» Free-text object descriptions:
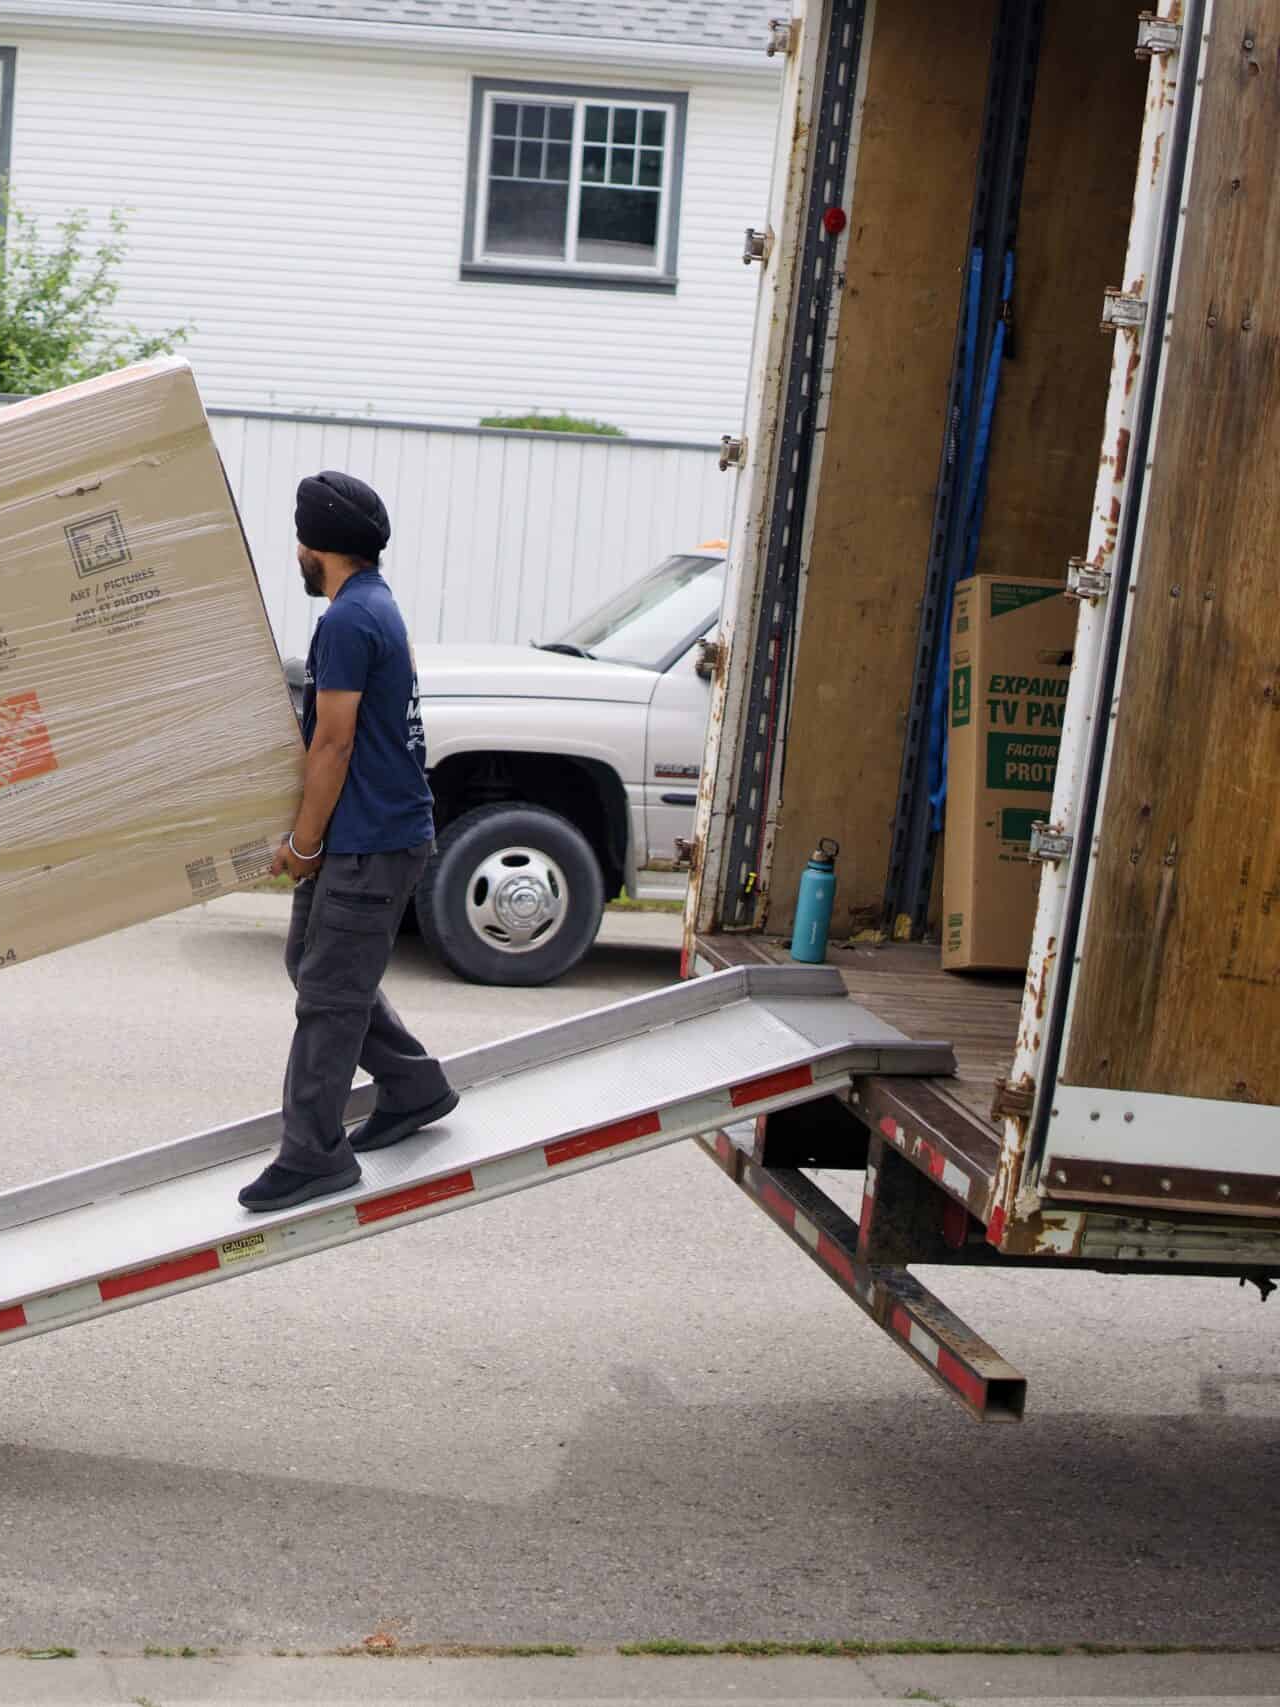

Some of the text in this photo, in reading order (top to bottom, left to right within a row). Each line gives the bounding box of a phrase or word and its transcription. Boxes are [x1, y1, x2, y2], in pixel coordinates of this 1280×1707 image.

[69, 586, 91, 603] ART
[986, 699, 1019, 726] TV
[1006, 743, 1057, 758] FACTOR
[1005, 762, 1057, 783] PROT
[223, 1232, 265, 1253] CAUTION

» To do:
Leave out the pictures and output the rest of the records exactly.

» Problem solution:
Some of the text in this photo, in reading order (top to bottom, left to right within a row). Each line gives the bounding box of a phrase or word and its transcription. Boxes are [x1, y1, x2, y2], in pixel coordinates of this 1280×1707 image.

[69, 586, 91, 603] ART
[986, 699, 1019, 726] TV
[1006, 743, 1057, 758] FACTOR
[1005, 762, 1057, 783] PROT
[223, 1232, 265, 1253] CAUTION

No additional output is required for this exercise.